Exactly as written, please set down all of the entries again, with no pictures.

---------- Supplied data

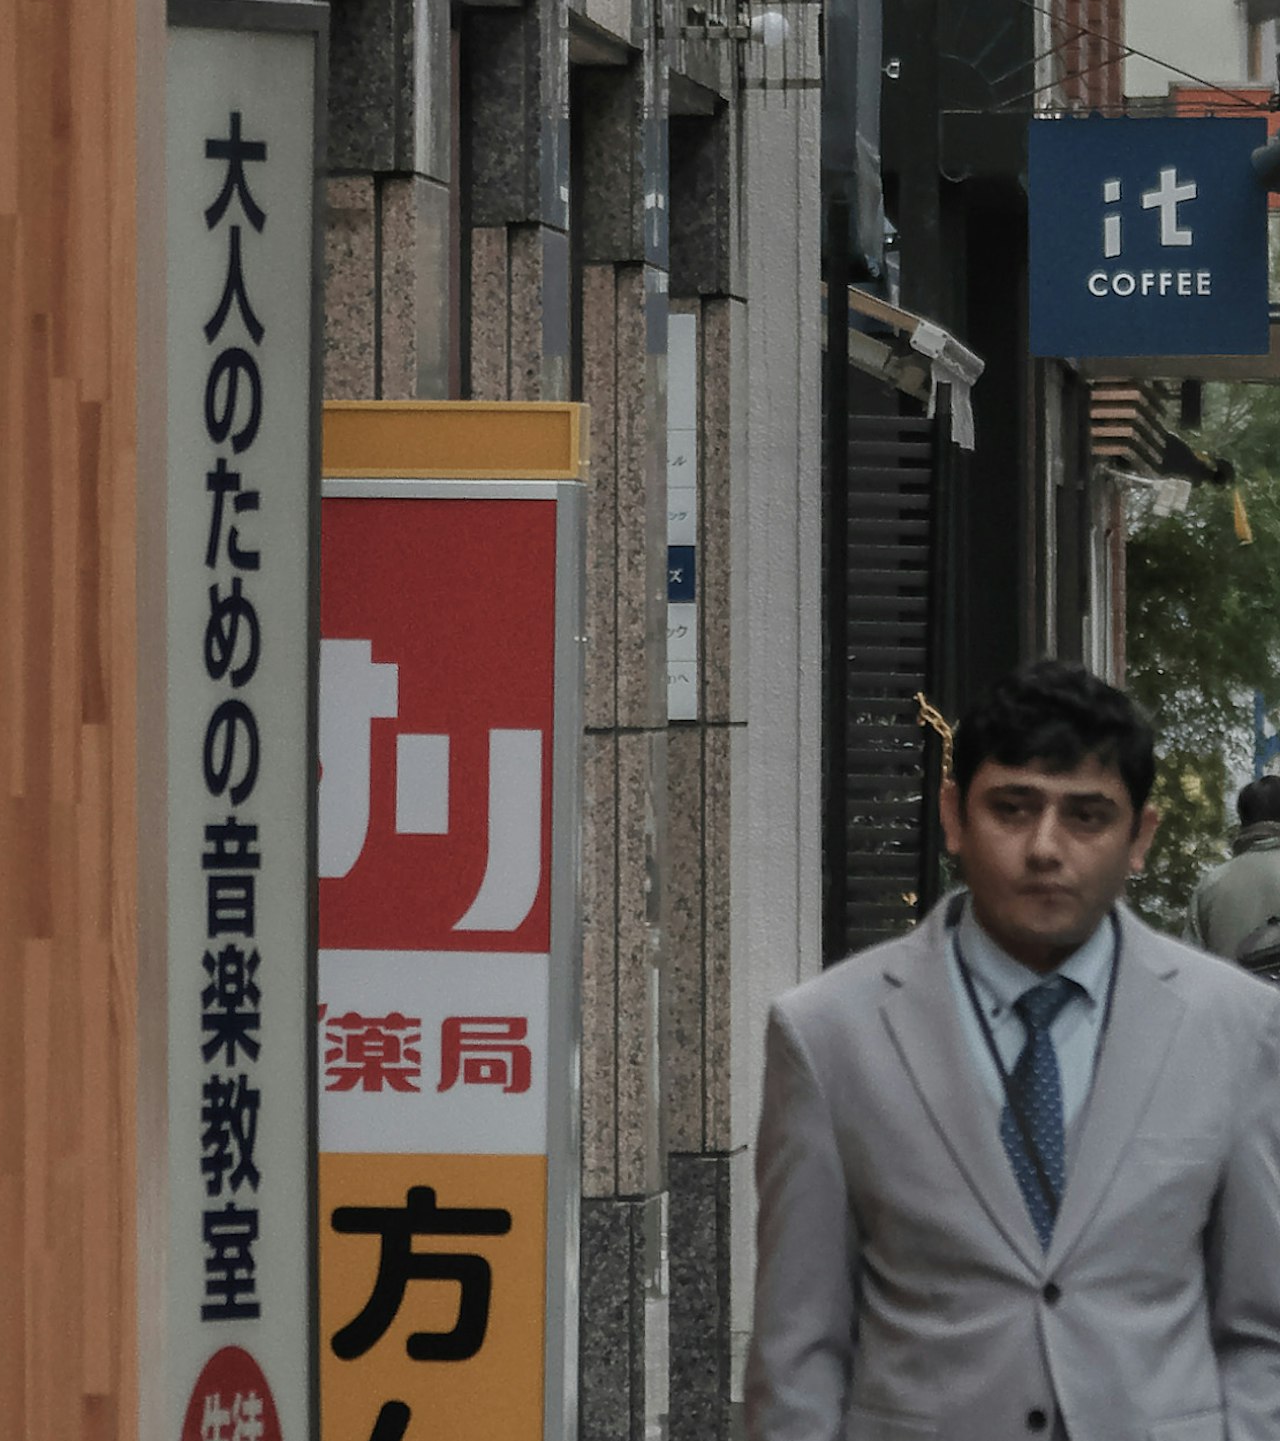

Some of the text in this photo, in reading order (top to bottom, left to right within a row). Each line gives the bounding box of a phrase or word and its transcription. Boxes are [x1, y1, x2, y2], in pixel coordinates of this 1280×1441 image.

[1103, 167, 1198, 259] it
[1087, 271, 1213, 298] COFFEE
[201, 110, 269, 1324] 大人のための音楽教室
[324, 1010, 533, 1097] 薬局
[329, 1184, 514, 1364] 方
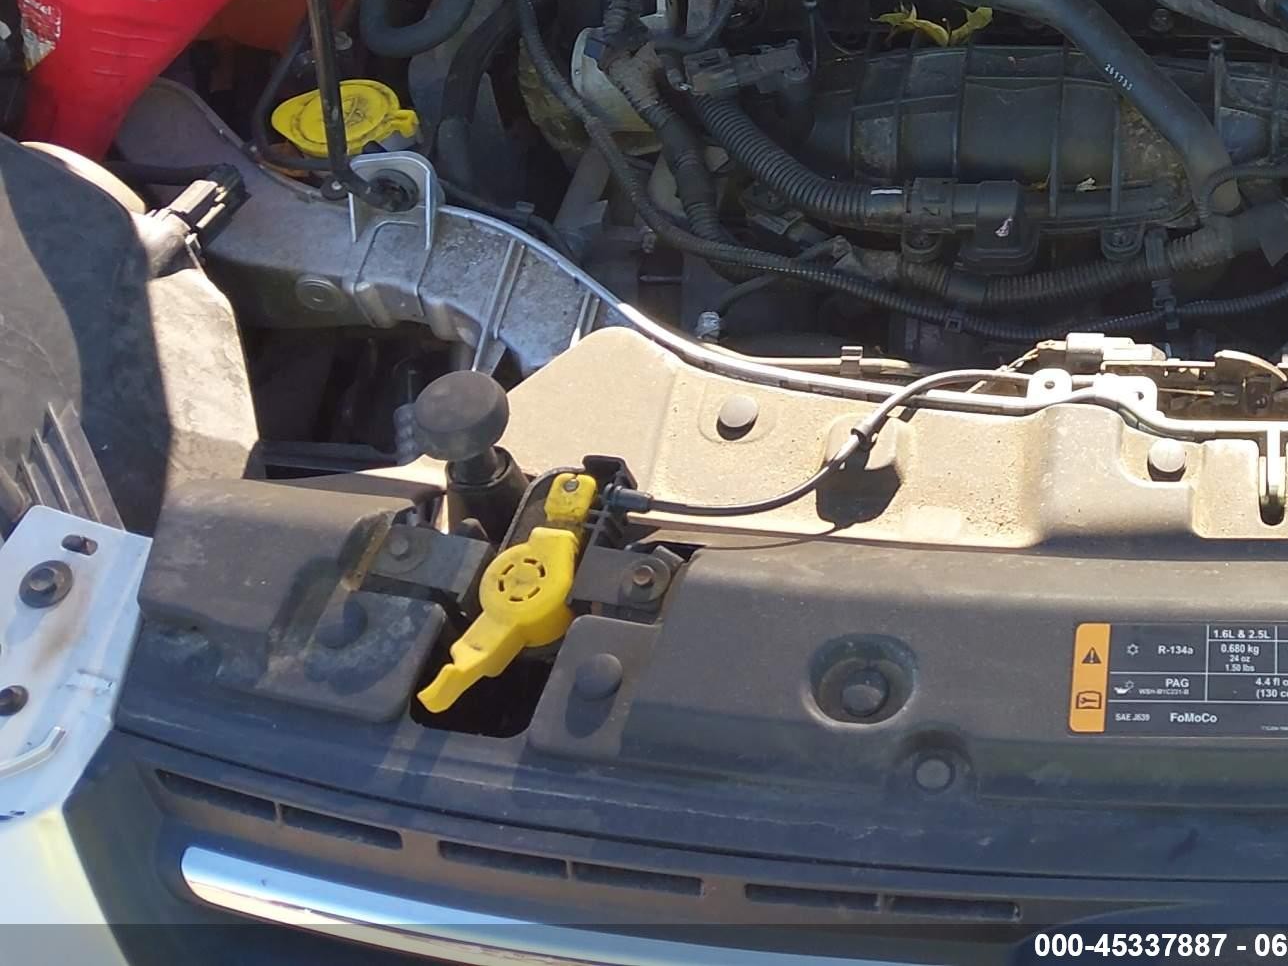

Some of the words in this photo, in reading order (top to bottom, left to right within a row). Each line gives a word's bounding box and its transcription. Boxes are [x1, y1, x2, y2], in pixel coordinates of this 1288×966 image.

--------------------

Your response
Some of the text in this photo, in reading order (top to bottom, left to right within a row). Each line gives the bounding box of a phrase or word and its transcription. Boxes are [x1, y1, x2, y2], in pixel coordinates of this 1280×1441 image.

[1103, 167, 1198, 259] it
[1087, 271, 1213, 298] COFFEE
[201, 110, 269, 1324] 大人のための音楽教室
[324, 1010, 533, 1097] 薬局
[329, 1184, 514, 1364] 方

Some of the words in this photo, in reading order (top to bottom, left to right within a row). Each line gives a word's bounding box and its transcription. Boxes are [x1, y1, x2, y2], in pixel coordinates of this 1288×966 image.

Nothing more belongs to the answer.